Science by the Numbers: Modeling Complex Biological Processes

Monday, December 17, 2018

computer microchip with binary code

Computers are valuable tools for modeling biological processes, says the IRP’s Dr. Carson Chow, and the more powerful the computer, the more complex the model can be.

Science is a process of trial and error. Most successful research publications are preceded by at least a few false starts and perhaps weeks or even months of tinkering to get experiments to work. For IRP senior investigator Carson Chow, Ph.D., this process of testing and throwing out one potential solution after another is an essential part of his research, so much so that he may go through thousands of iterations before arriving at one that works. However, rather than test each approach himself, he leverages the IRP’s considerable computing power to considerably accelerate the process of sorting the wheat from the chaff.

Whereas most research scientists are specialists, devoting their careers to the study of one specific aspect of their field, Dr. Chow is more of a jack-of-all-trades. At any one time, he might be studying the genetics of obesity, scrutinizing the timing of gene activity, investigating the behavior of hormone receptors, or examining the biological basis of mental illnesses. To him, the one unifying factor in all these endeavors is math.
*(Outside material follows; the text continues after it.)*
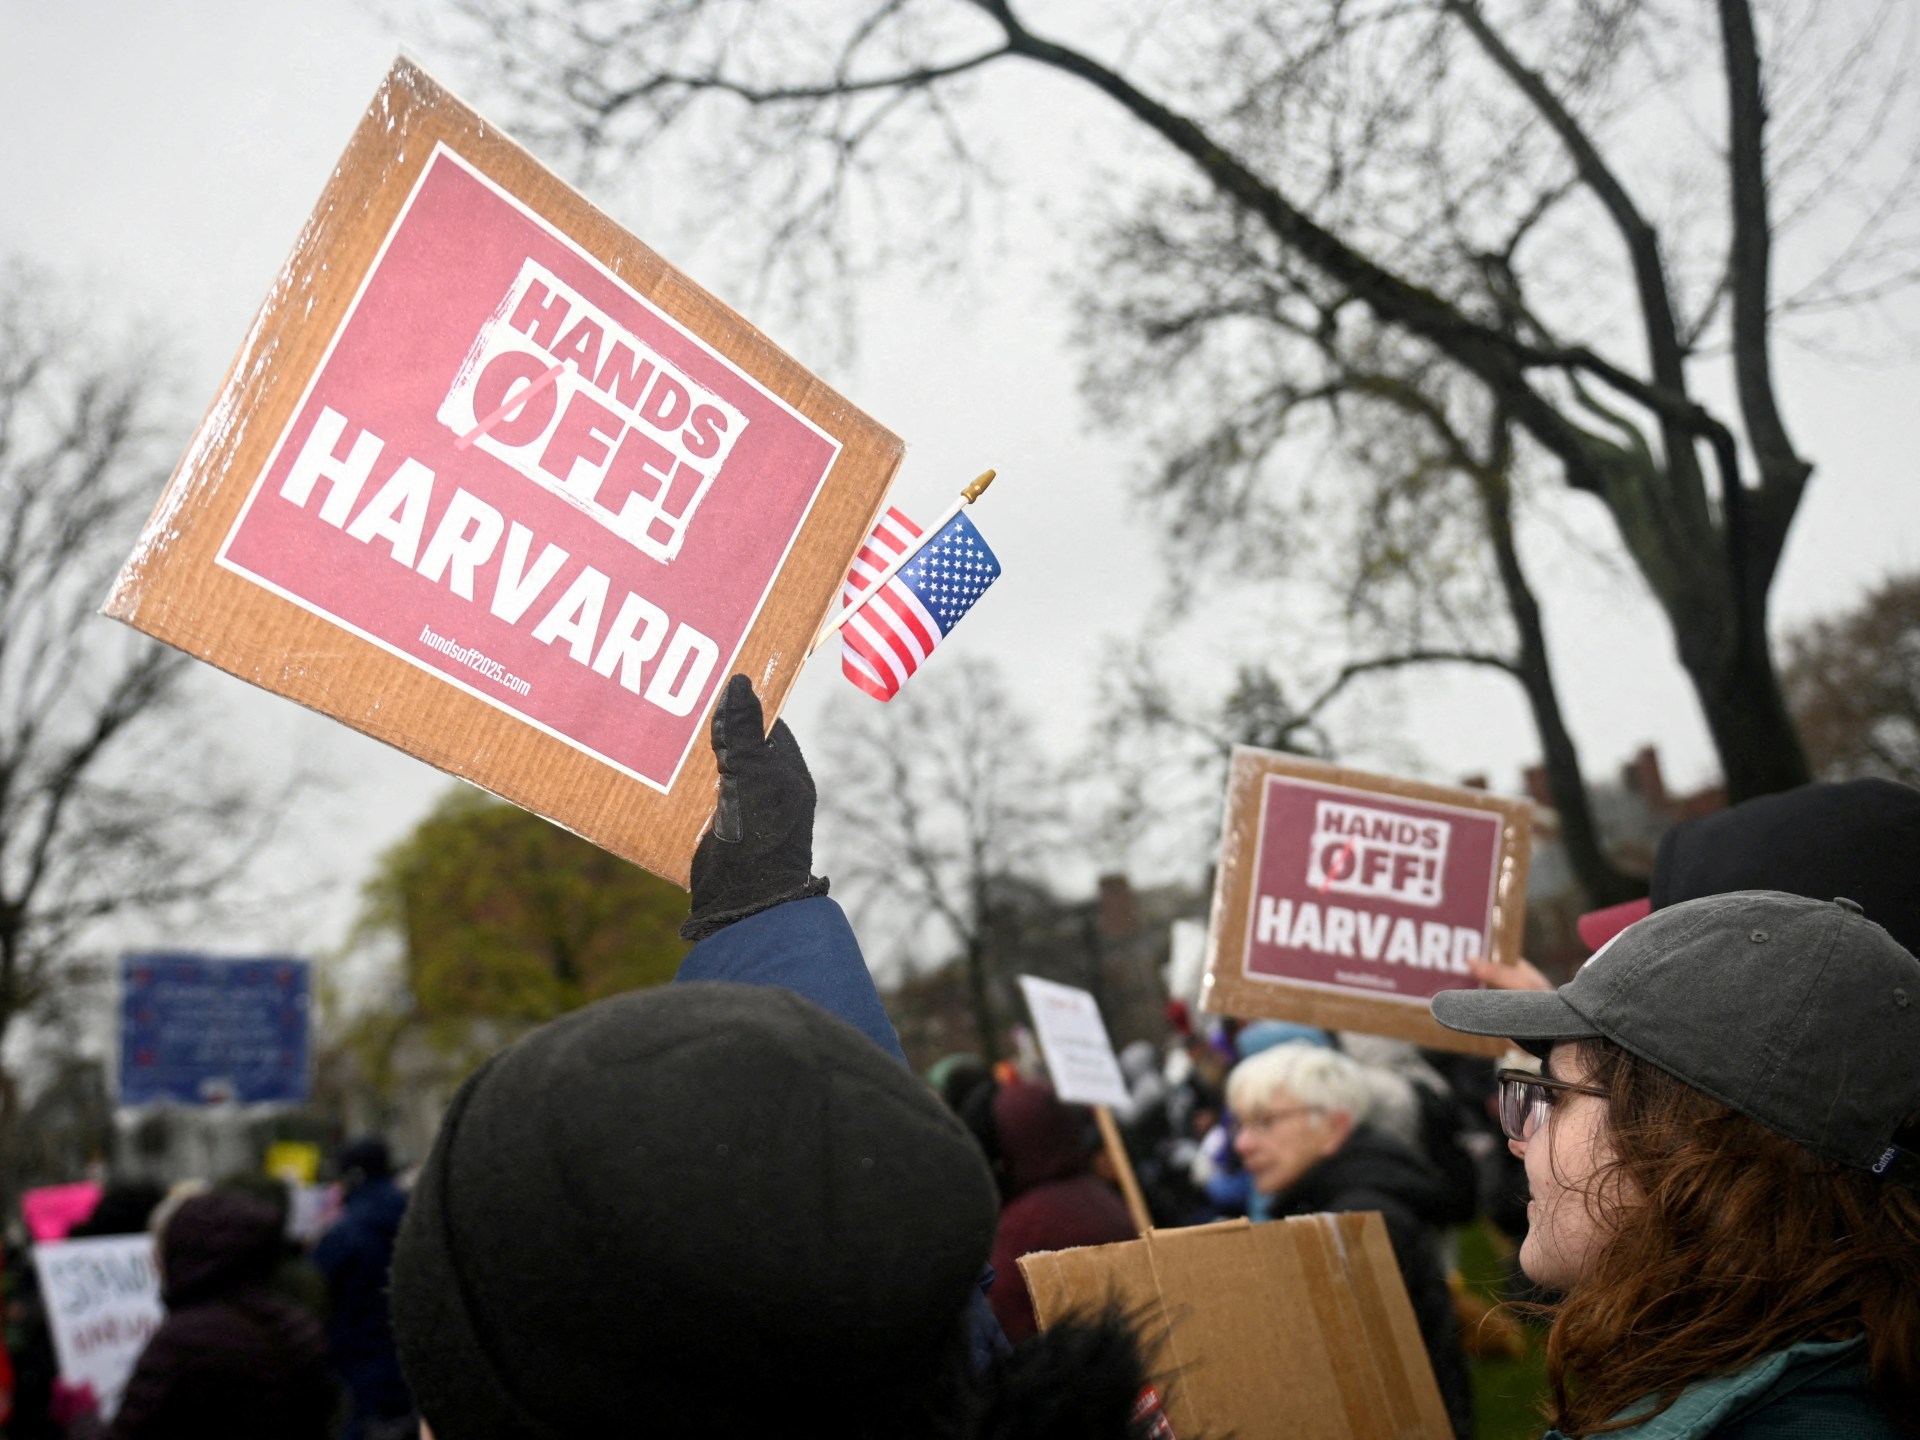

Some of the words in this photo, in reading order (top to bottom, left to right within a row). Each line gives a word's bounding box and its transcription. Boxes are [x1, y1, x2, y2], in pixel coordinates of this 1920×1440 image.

“The same math that describes heat flowing down a rod is the same math that describes molecules bouncing around your room is the same math that describes the passage of ions in neurons,” Dr. Chow says. “I’m like a carpenter — I work on different houses. Biologists work on just one house, but I work on whatever house is broken.”

Much of Dr. Chow’s work involves creating and testing mathematical models that represent biological systems. At the most basic level, a mathematical model takes a set of assumptions and turns them into an equation whose outcome can be tested to see if it matches what happens in the real world. For example, one model of weight loss asserts that a person who eats 3,500 fewer calories than his or her body uses will lose one pound of fat. A mathematical equation for this process might read as follows: (calories used – calories consumed) / 3500 = pounds lost. A scientist can then test this model by feeding a group of research volunteers 3,500 calories fewer than they need. If the volunteers lose one pound each on average, the model is correct. If not, it clearly needs some tweaking, and in fact research by Dr. Chow and others has suggested that this long-referenced model of weight loss is indeed incorrect.1,2

Supercomputers like NIH’s Biowulf system are a key part of this fine-tuning procedure. Their massive computing power allows researchers like Dr. Chow to test many models designed to represent a biological process, each slightly different from its counterparts, until they find one that nearly matches real-world observations. Specialized algorithms also help streamline this search by narrowing down the field of possibilities the computer must sort through.

“Sometimes you’ve got an equation and it’s got a lot of knobs, and you don’t know what the settings of the knobs should be,” Dr. Chow explains. “So what you do is you try all of the possible settings, and you just run a bunch of different versions until the outcome looks like what you expect. You use the computer to sweep through all the possibilities of the model. The more powerful the computer, the faster you can search and the more complex you can make the model.”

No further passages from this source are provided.